Presseinformation – Nr. 01/2019

Diesel-Abgase: Nach und nach europaweit schärfere Kontrollen Partikelanzahlmessung startet 2019 in den Niederlanden, in Deutschland ab 2021

Dübendorf (Schweiz), 14. März 2019 – Europaweit wird die Abgasmessung bei Diesel-Pkw nach und nach verschärft. Ab diesem Jahr schrittweise in den Niederlanden und Belgien, ab 1. Januar 2021 auch in Deutschland wird die Zahl der Partikel im Abgasstrom zunächst von Diesel-Pkw mit einer neuen Endrohr-Prüfung („Auspuff“) kontrolliert. Auch in Spanien und der Schweiz wird bereits darüber debattiert, das neue Verfahren einzuführen.  Mit dem Test ist es erstmals möglich, schnell und einfach defekte oder manipulierte Diesel-Partikel-Filter zu entdecken.  Eine europaweite Arbeitsgruppe unter Leitung des deutsch-schweizerischen Verbands VERT hat das Verfahren erarbeitet und will weitere Länder dazu veranlassen, ihre Abgaskontrollen mit diesen strengeren Anforderungen durchzuführen. Beteiligt an dem Projekt ist auch die Gemeinsame Forschungsstelle der Europäischen Kommission JRC (Joint Research Center) in Ispra/Italien. In VERT sind unter anderem Filter- und Messgerätehersteller organisiert.

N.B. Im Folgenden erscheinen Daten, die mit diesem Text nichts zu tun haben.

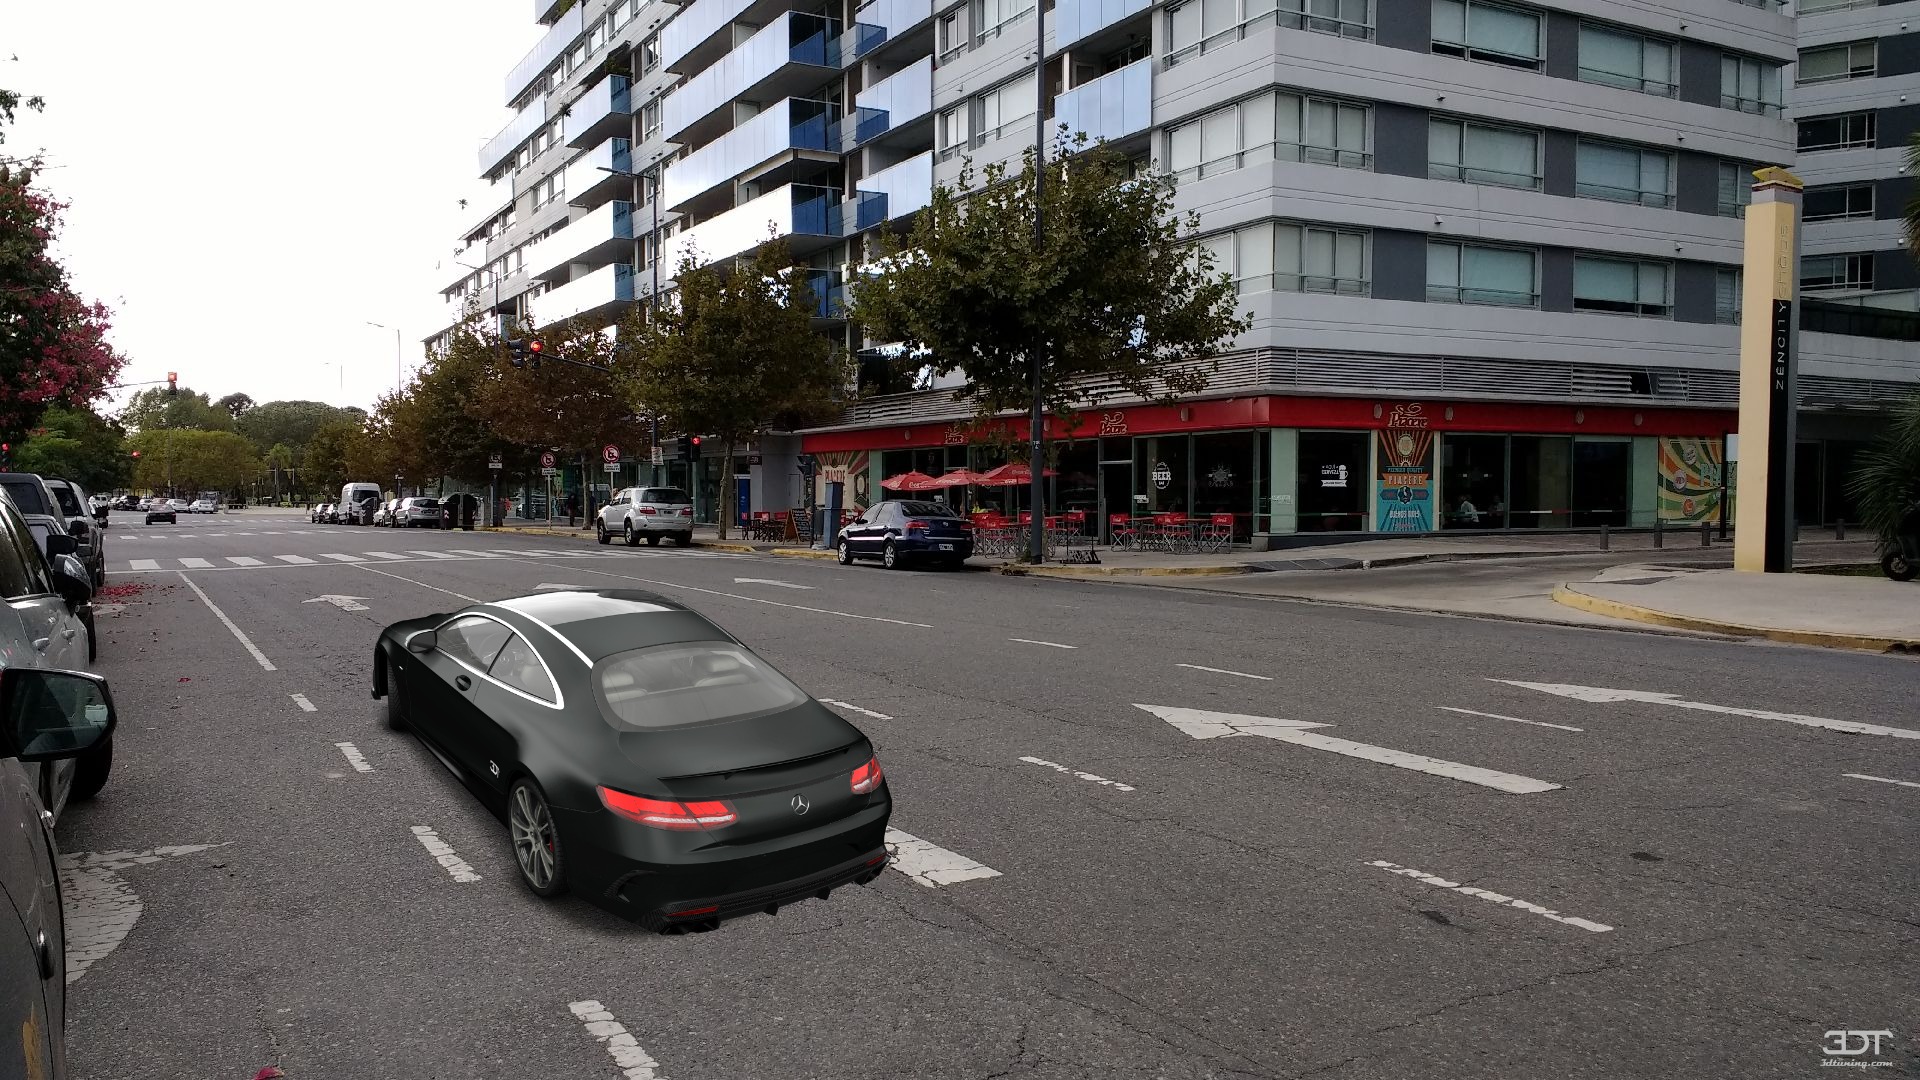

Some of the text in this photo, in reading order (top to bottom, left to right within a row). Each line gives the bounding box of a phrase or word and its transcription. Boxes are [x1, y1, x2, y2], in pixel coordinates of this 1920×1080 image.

[1775, 300, 1787, 391] ZENCITY
[1151, 471, 1172, 481] BEER
[1388, 475, 1423, 485] PIACERE
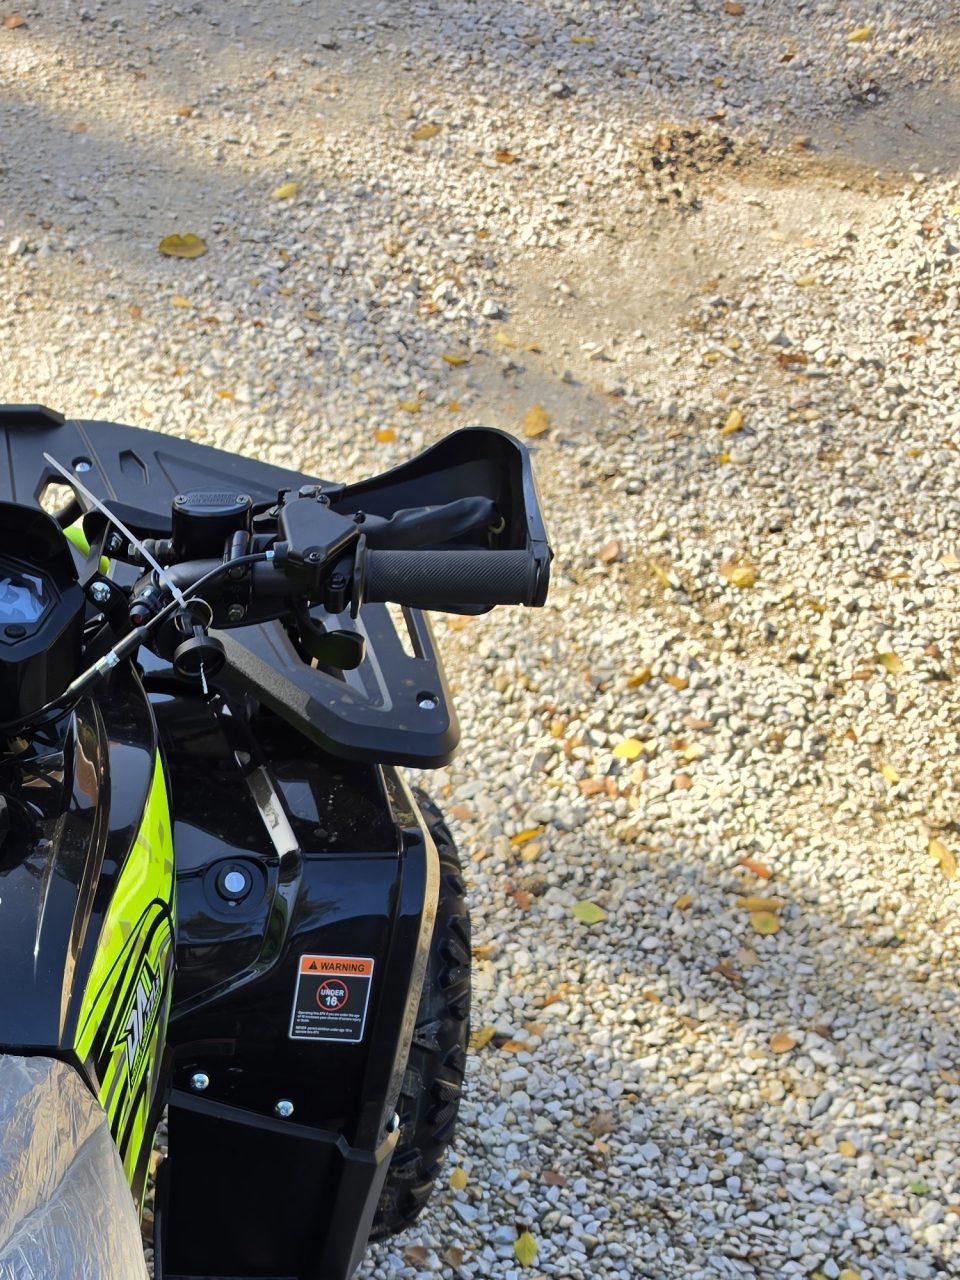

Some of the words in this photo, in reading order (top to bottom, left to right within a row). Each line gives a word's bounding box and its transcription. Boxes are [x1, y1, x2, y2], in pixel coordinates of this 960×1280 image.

Das Projekt wird von der Europäischen Kommission unterstützt. Über eine Umsetzung in nationales Recht entscheidet jedes Land. Eine Verpflichtung dazu gibt es nicht.  Bei dem neuen Verfahren wird mit einer Sonde im Endrohr („Auspuff“) die Zahl der Partikel im Abgasstrom bestimmt. Überschreitet ein Wagen den Grenzwert von 250.000 Partikeln pro Kubikzentimeter gilt ein Filter als defekt. Er muss repariert oder ausgetauscht werden. Da die Abgasgesetzgebung die Vorschrift enthält, dass die Hersteller beim Pkw die Funktionstüchtigkeit der Partikelfilter während der ersten 160.000 km oder bis zu 5 Jahren garantieren müssen (sog. Emission Durability Period nach 2005/78/EG), dürften diese Kosten vom Hersteller übernommen werden. Die Messung soll in Deutschland während der alle zwei Jahren verbindlichen Hauptuntersuchung erfolgen. Seit 2005 war es üblich, dass die Abgasreinigung bei entsprechend ausgestatteten Autos per Software über das OBD-Modul (On-Board-Diagnostik) geprüft wurde. Dazu verband der Prüfer die OBD über einen Stecker und las den Fehlerspeicher aus.  Wenn dieser keinen Defekt anzeigte, galt die Abgasreinigung als intakt. Im Zuge der Debatte um Manipulationen an Dieselfahrzeugen geriet diese Methode in die Kritik.  Zum 01. Januar 2018 führte die Bundesregierung in Deutschland die Endrohrprüfung für Diesel-Fahrzeuge wieder ein. Derzeit wird die Opazität (Trübung) des Abgasstroms bestimmt. Der neue Messwert Partikelanzahl ab 1.Januar 2021 gilt als deutlich genauer.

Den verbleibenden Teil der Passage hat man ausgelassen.